第23話


【強制サバイバル生活:135日目】


 …………一晩寝て、よく考えたんだけど。

 1日にコピーできる札の量が決まっているなら、二千枚以上あればもう充分だよね。

 うん。だよね。

 何度考えてもその結論にしかならなかった。

 ………………。

 …………。

≪………………≫

 …………なんか、ね。

 昨日黙っててほしいと言ったせいか、ペルカも無言で見守ってくれてるのがまた胸に痛い。

 いっそのこと責めてほしいぐらいだ。

 ううう。

 間違った方向に全力疾走して、それにペルカを巻き込んじゃったとか、罪悪感がすごい。

 ぐああああああ。

 あれだけ!! 時間を使って頑張ったのに!!

 いや無駄じゃない、無駄じゃないんだ。

 そう自分を慰める声も自分の中から聞こえるけど、どうしても悔しさが拭いきれない。

 だってここ最近、ろくにペルカに指示を出してあげなかった。

 昨日と同じ感じでよろしくーって投げっぱなしにしてた。

 ペルカだって思うところはあっただろうに。

 なのに。信頼されていたはずの私が、現実のことをうっちゃって、そこまで急に必要じゃなかったものを大量生産してたとか……。致命的ではないものの大きすぎるミスだ。

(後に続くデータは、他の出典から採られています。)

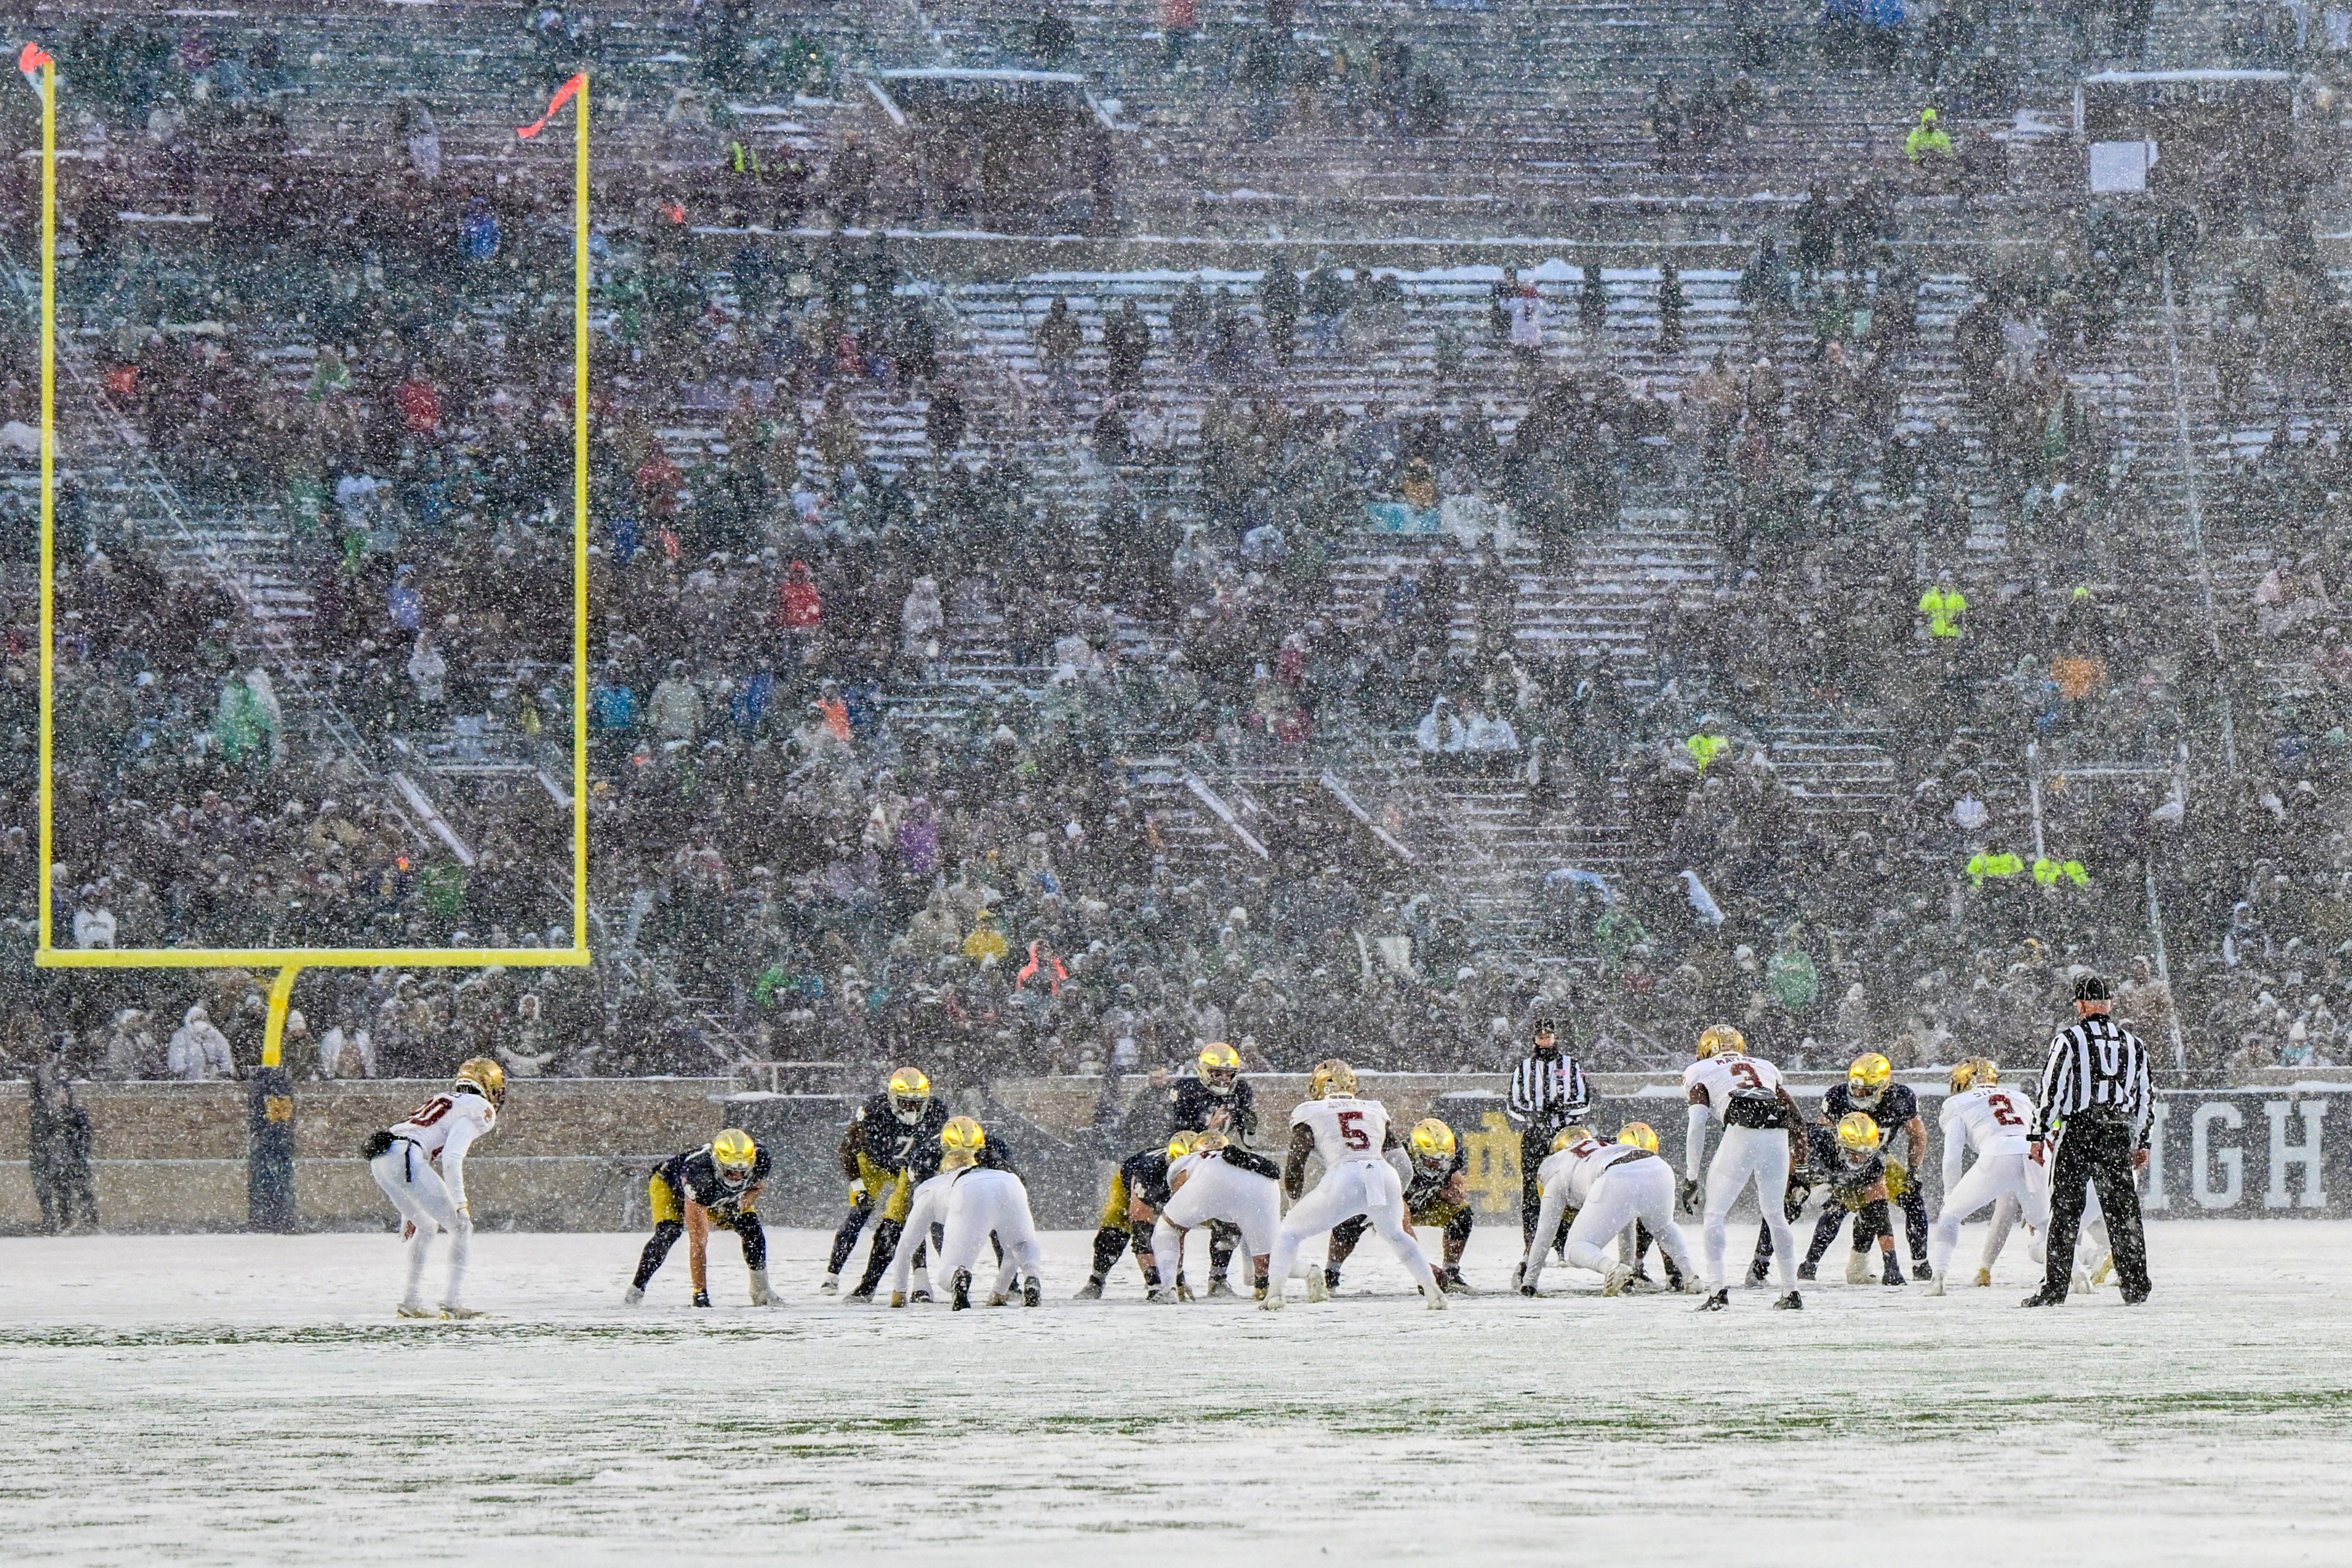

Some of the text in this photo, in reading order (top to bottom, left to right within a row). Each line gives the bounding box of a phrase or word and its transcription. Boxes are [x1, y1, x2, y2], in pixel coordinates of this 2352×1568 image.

[2094, 1039, 2120, 1076] U
[1730, 1063, 1763, 1087] 3
[1988, 1094, 2025, 1125] 2
[1337, 1111, 1370, 1151] 5
[893, 1135, 915, 1159] 7

 ペルカのほうは説明を聞いてすぐ私の作戦の欠陥に気づいたっていうのに。

 そうなんだよ。

 ちゃんと話せばよかったんだ。

 最初からこうしたいって相談して、ペルカの意見も聞いておけば、9900枚なんて無理だってあっさり言ってもらえたはずなのに。

 はああああぁぁ…………。

 溜め息しか出ない。

 体を使うペルカの代わりに頭を使うって決意しておきながら、このザマだ。

 元々リーダーシップなんかなかったけど、私が望んで生まれたペルカはまだ人生経験がないし、そのわりに環境がいきなりヘルモードだしで、ここは私が指示を出して引っ張っていくしかない! って、張り切って頑張ってきたけど…………。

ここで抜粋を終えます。